→ **Your assignment**:
Only the pictures stay out; please return all the entries below exactly as written.
____________
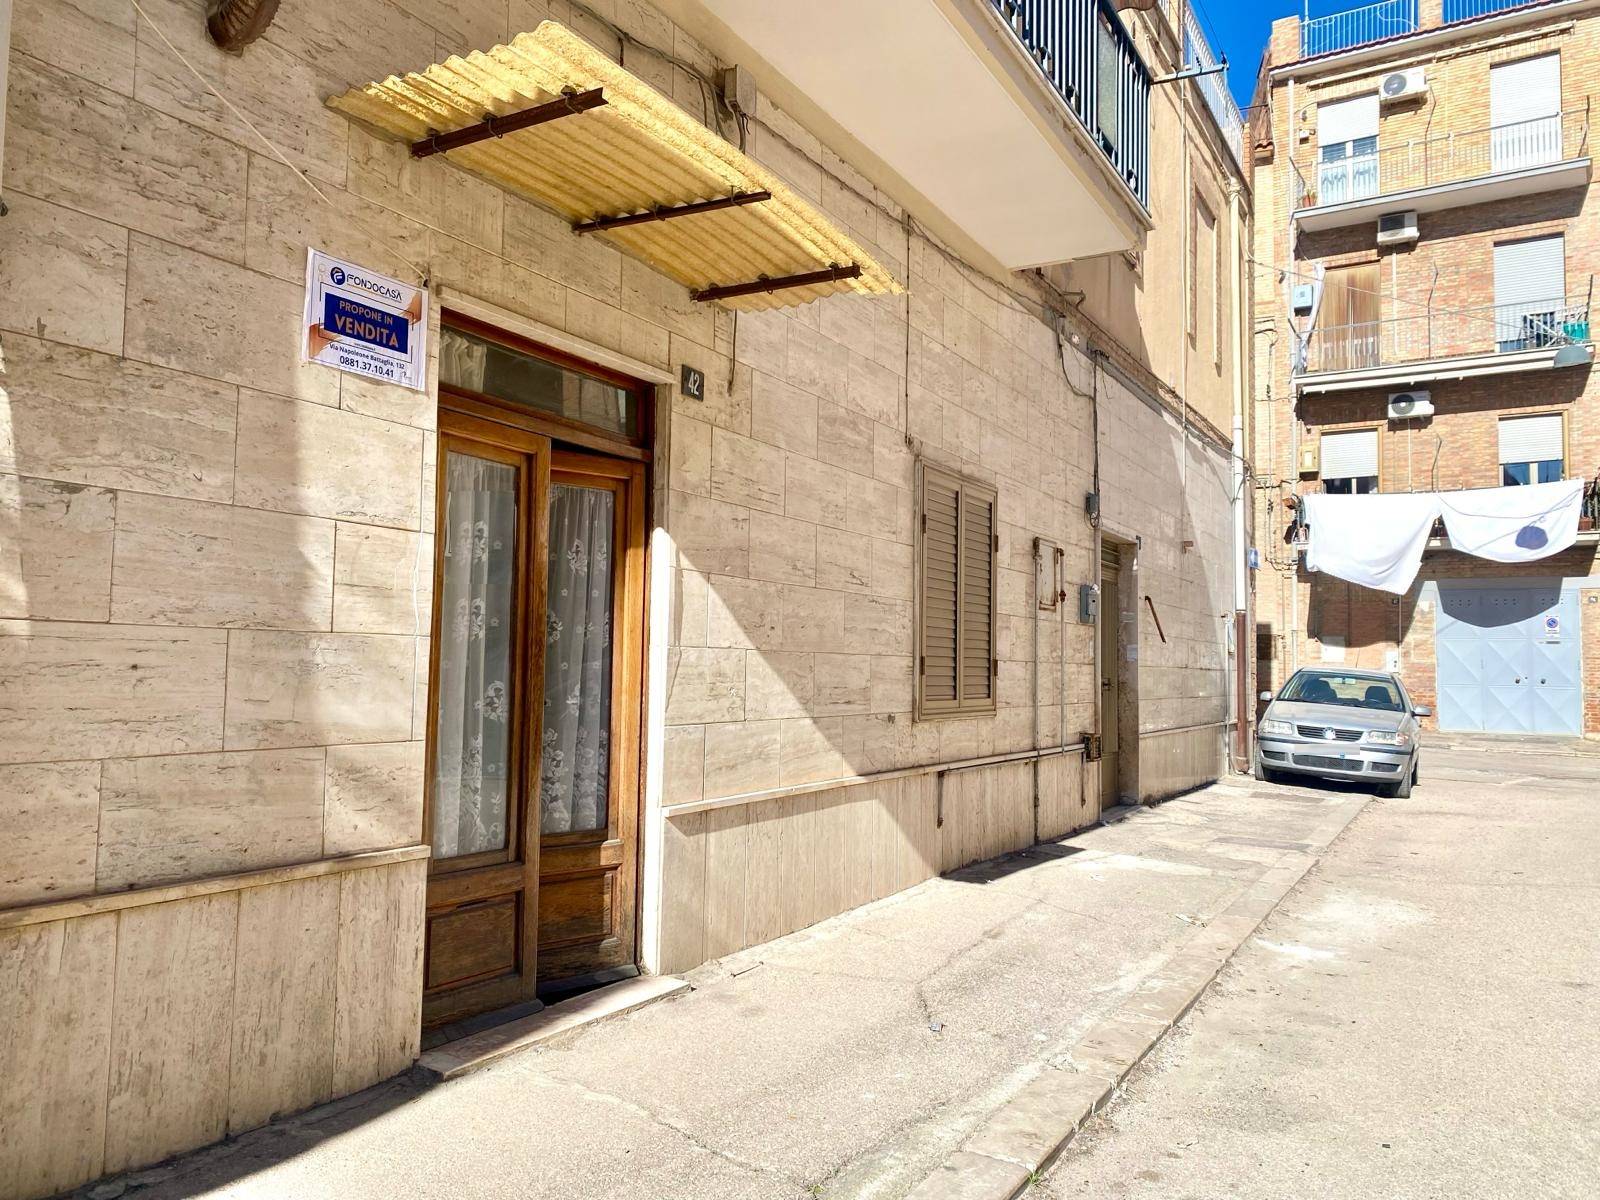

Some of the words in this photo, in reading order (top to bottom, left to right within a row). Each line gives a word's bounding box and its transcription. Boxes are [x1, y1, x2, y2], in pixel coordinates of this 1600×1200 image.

[346, 273, 403, 301] FONDOCASA
[339, 300, 382, 322] PROPONE
[384, 315, 393, 325] IN
[334, 313, 399, 348] VENDITA
[329, 343, 339, 351] Via
[339, 346, 369, 360] Napoleone
[339, 355, 394, 378] 0881.37.10.41
[688, 371, 700, 395] 42
____________
→ **Exercise output**:
Some of the words in this photo, in reading order (top to bottom, left to right within a row). Each line gives a word's bounding box and its transcription. Boxes are [x1, y1, x2, y2], in pixel coordinates of this 1600×1200 image.

[346, 273, 403, 301] FONDOCASA
[339, 300, 382, 322] PROPONE
[384, 315, 393, 325] IN
[334, 313, 399, 348] VENDITA
[329, 343, 339, 351] Via
[339, 346, 369, 360] Napoleone
[339, 355, 394, 378] 0881.37.10.41
[688, 371, 700, 395] 42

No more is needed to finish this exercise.